PROVIDED RECORDS START

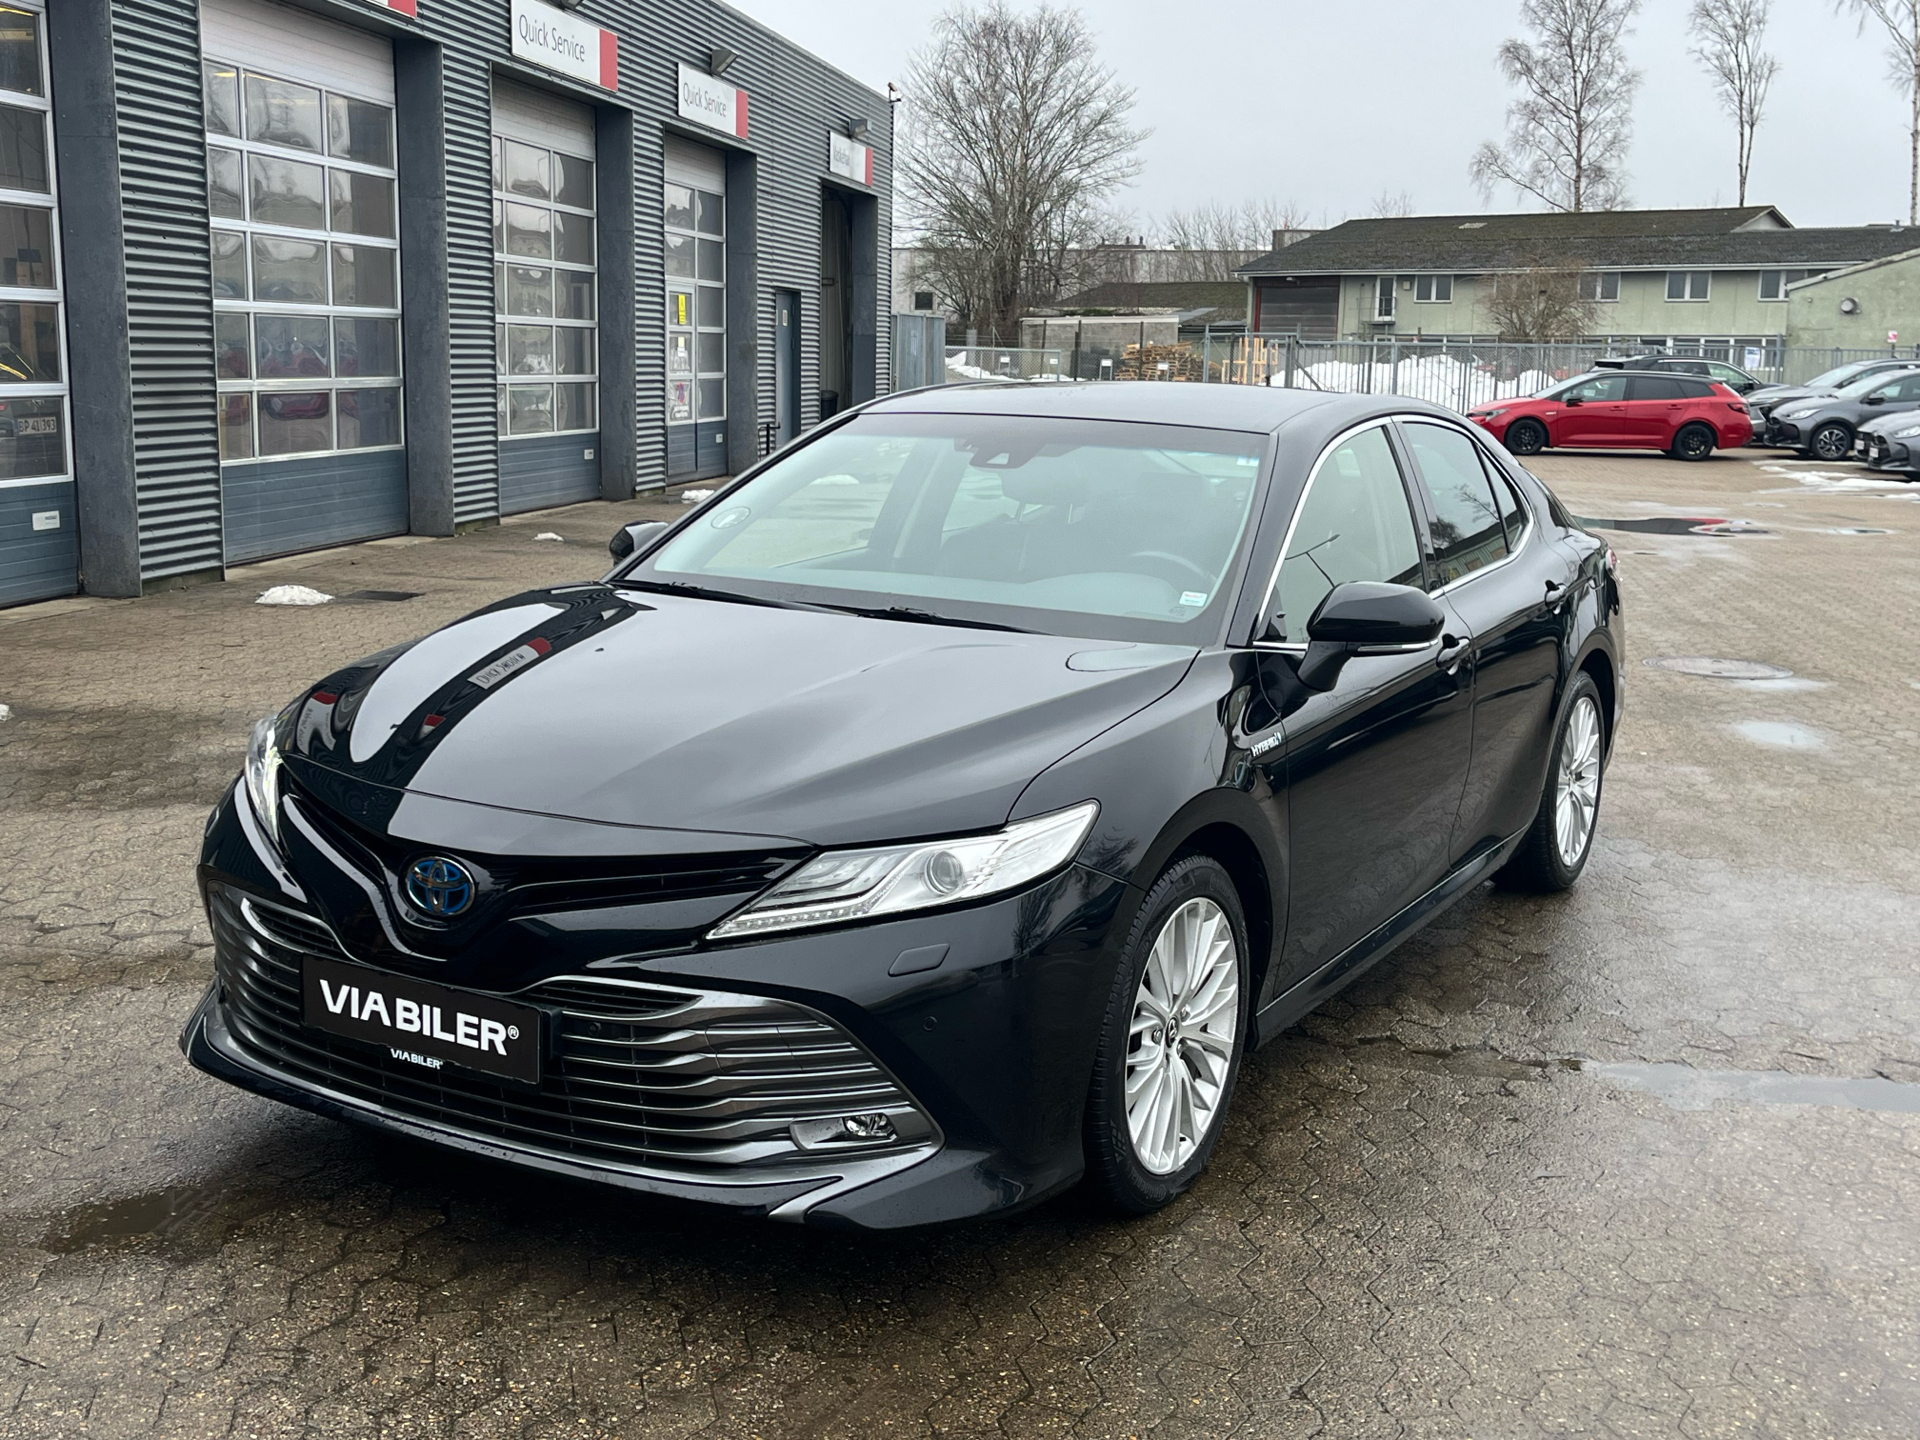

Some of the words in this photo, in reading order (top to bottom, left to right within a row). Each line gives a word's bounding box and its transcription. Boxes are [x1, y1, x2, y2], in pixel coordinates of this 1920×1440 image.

[518, 14, 549, 48] Quick
[551, 27, 586, 63] Service
[682, 82, 703, 108] Quick
[704, 90, 727, 118] Service
[41, 418, 56, 431] 393
[319, 979, 392, 1028] VIA
[390, 1048, 411, 1062] VIA

PROVIDED RECORDS END

* TASK TO CARRY OUT *
Once the pictures are set aside, write out each record exactly.

* ANSWER TO THIS PROBLEM *
Some of the words in this photo, in reading order (top to bottom, left to right within a row). Each line gives a word's bounding box and its transcription. Boxes are [x1, y1, x2, y2], in pixel coordinates of this 1920×1440 image.

[518, 14, 549, 48] Quick
[551, 27, 586, 63] Service
[682, 82, 703, 108] Quick
[704, 90, 727, 118] Service
[41, 418, 56, 431] 393
[319, 979, 392, 1028] VIA
[390, 1048, 411, 1062] VIA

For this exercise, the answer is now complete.